Open louridas opened 7 years ago

louridas commented 7 years ago

Hello,

Would it make sense to include median confidence intervals in the estimates? For example, in the object returned from KaplanMeierFitter(), after fitting, one could do:

# get the confidence interval of the median
# start by finding the median on the timeline
median_ci_idx = kmf.confidence_interval_.index.get_loc(median_lifespan,
                                                       method='nearest')
# then get the confidence interval at the point of the median
median_ci = kmf.confidence_interval_.iloc[median_ci_idx]
# to find the confidence interval for the value of the median
# we will get a horizontal line passing through the value of the
# median; note that the greater value comes earlier, and the smaller later
lcl = (kmf.survival_function_['KM_estimate']
       <= median_ci.loc['KM_estimate_upper_0.95']).idxmax(0)    
ucl = (kmf.survival_function_['KM_estimate']
       <= median_ci.loc['KM_estimate_lower_0.95']).idxmax(0)

This is what is essentially done by R, as explained in print.survfit.

CamDavidsonPilon commented 7 years ago

There is a util function in lifelines to make this easy:

from lifelines.utils import median_survival_times
print median_survival_times(kmf.confidence_interval_)
# dataframe
"""
                          0.5
KM_estimate_upper_0.95  530.0
KM_estimate_lower_0.95  468.0
"""

What's I think more interesting is add a __repr__ function to a fitted KaplanMeierFitter that this could be expressed in.

louridas commented 7 years ago

Thanks!

In fact this is a different interpretation of the median confidence interval than the one used in print.survfit. In lifelines we get the the median of the lower and the upper confidence interval functions; in print.survfit we get the median of the KM function and then find the intersection of the horizontal like with the two confidence interval functions.

I am not a statistician so I do not know which of the two most people would mean when they talk about confidence intervals of the median.

robertcv commented 3 years ago

median_survival_times doesn't work like that anymore in the current release. Was this functionality moved somewhere else?

CamDavidsonPilon commented 3 years ago

@robertcv what's not working? Can you provide an example or code snippet?

robertcv commented 3 years ago

In the previous comment you point to median_survival_times as a method of getting the 95% confidence interval for the median survival time. In the current version of the package, this function only returns the median survival time and does not include the interval. I fixed this by implementing the confidence interval myself. It worked similar to what OP described.

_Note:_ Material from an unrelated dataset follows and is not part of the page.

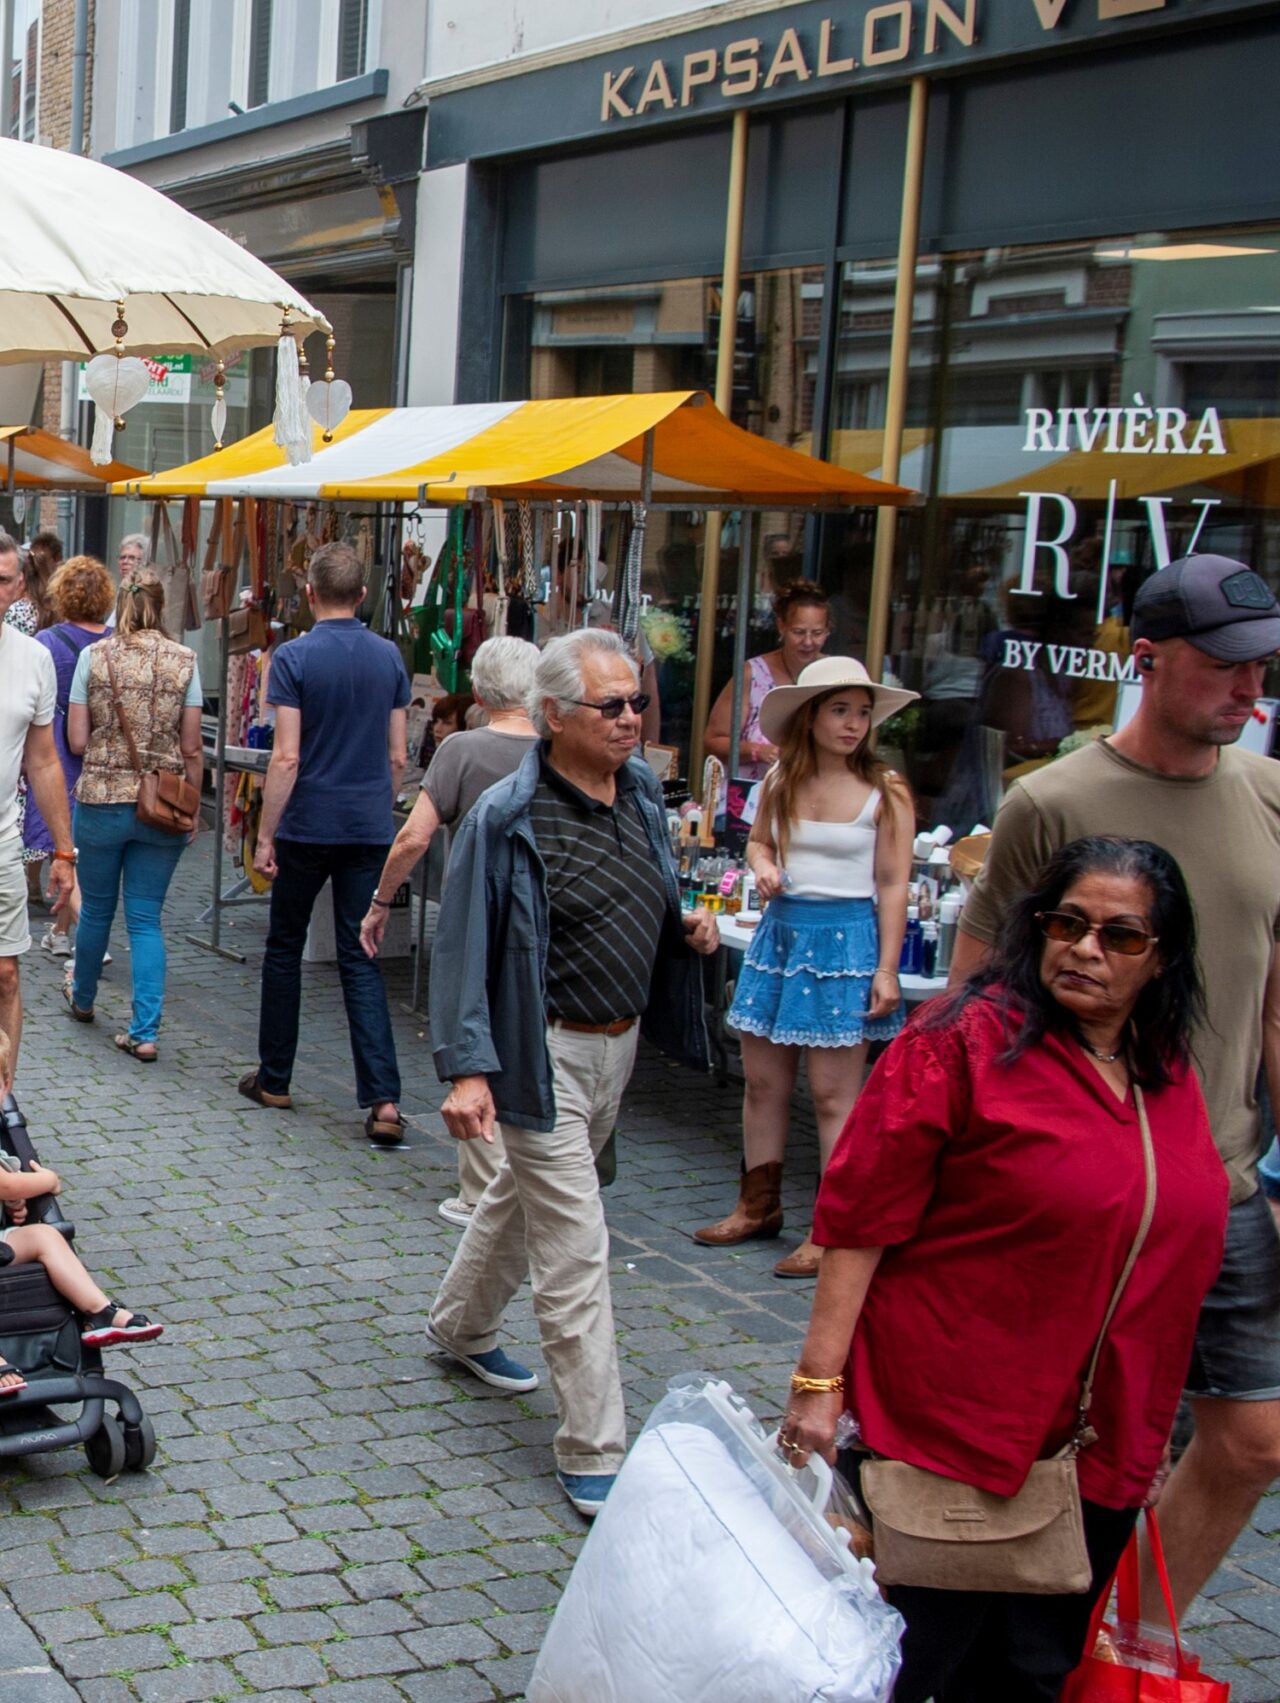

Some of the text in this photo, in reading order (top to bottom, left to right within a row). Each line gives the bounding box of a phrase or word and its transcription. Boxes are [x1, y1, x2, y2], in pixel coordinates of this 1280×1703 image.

[600, 0, 974, 121] KAPSALON
[1021, 392, 1227, 455] RIVIÈRA
[1002, 639, 1042, 671] BY

CamDavidsonPilon commented 3 years ago

I'm not sure I'm seeing the same thing as you:

from lifelines.utils import median_survival_times
kmf = KaplanMeierFitter().fit(np.random.exponential(2, size=50000))
print(median_survival_times(kmf.confidence_interval_))

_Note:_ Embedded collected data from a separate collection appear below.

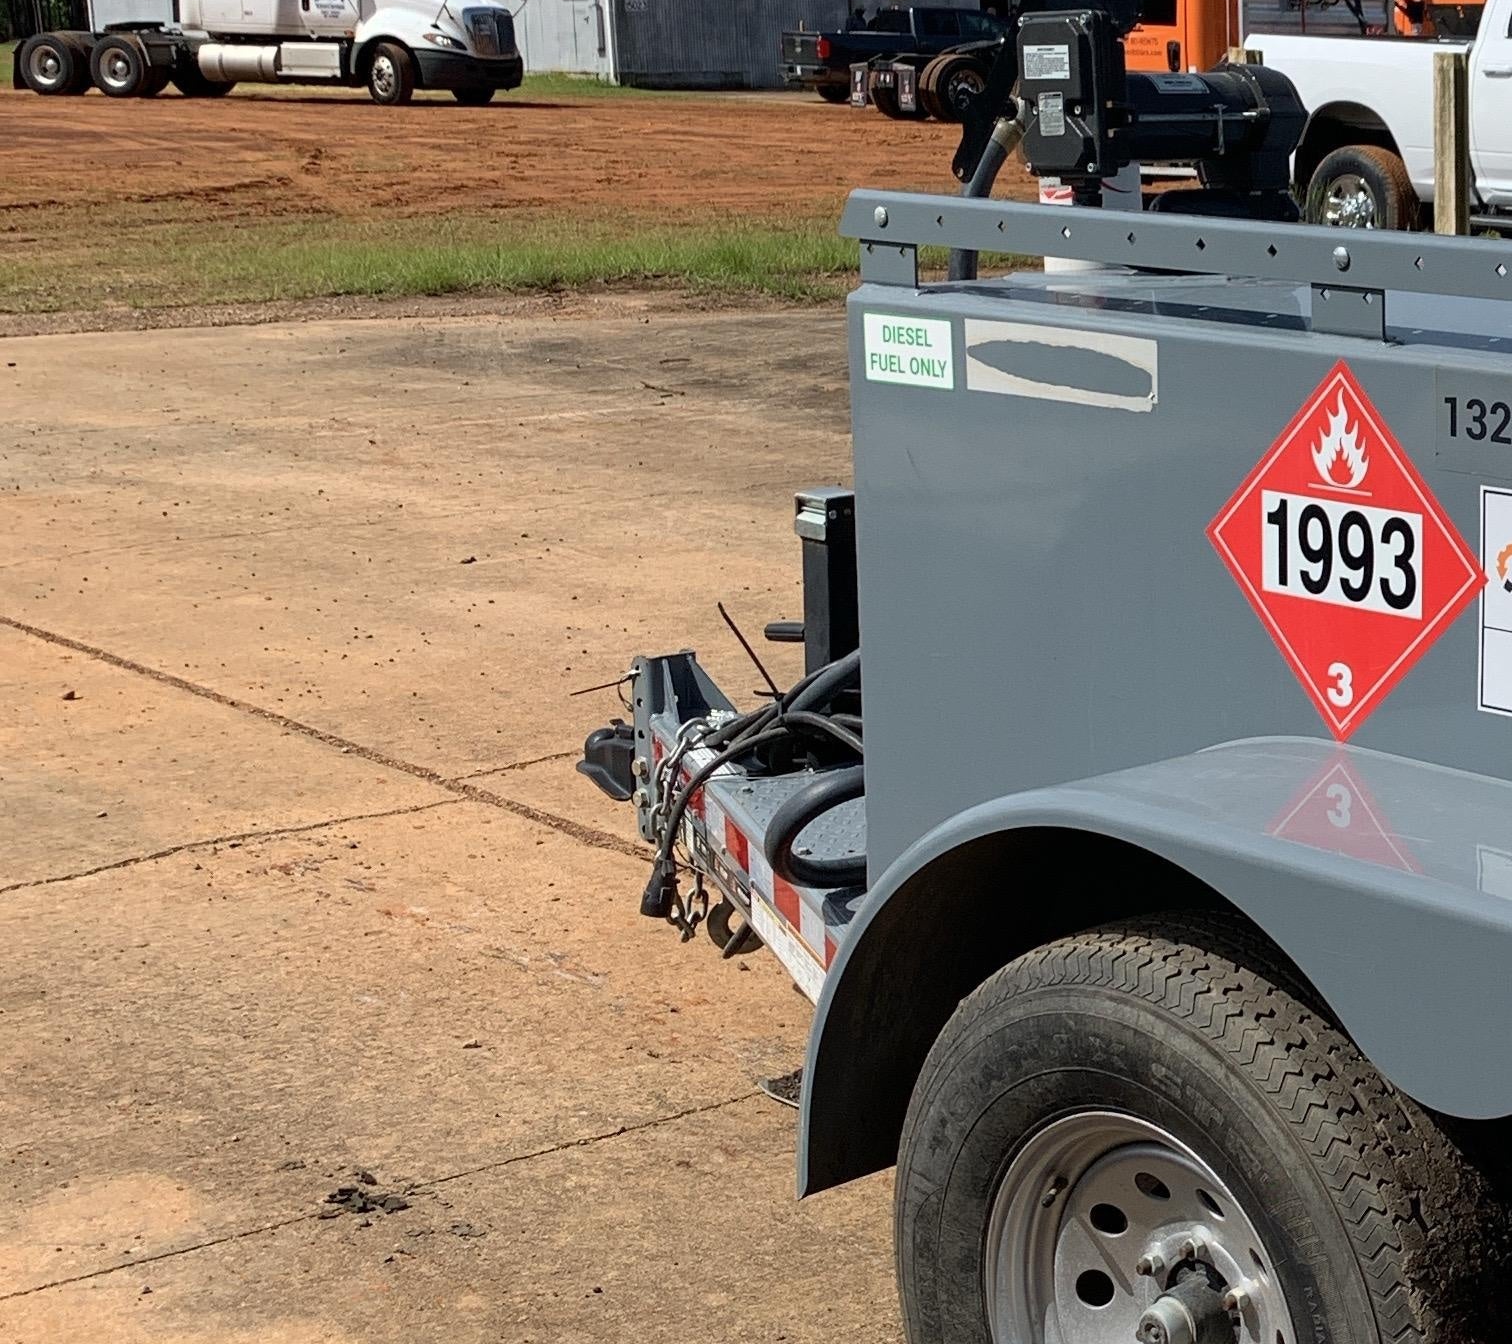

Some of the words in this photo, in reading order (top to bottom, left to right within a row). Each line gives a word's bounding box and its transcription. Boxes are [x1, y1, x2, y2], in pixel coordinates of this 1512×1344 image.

[881, 323, 933, 349] DIESEL
[869, 352, 907, 376] FUEL
[908, 355, 948, 380] ONLY
[1265, 496, 1418, 612] 1993
[1327, 661, 1355, 709] 3

returns two values, 1.383272 & 1.418151

robertcv commented 3 years ago

I am sorry, now I see why it didn't work for me. The function behaves differently depending on what you have on the input. I used median_survival_times(kmf) instead of median_survival_times(kmf.confidence_interval_) and only got the median time. I would suggest updating the documentation on this function. The parameters description uses "or" and I thought that it makes no difference if I use the model class or the confidence interval DataFrame.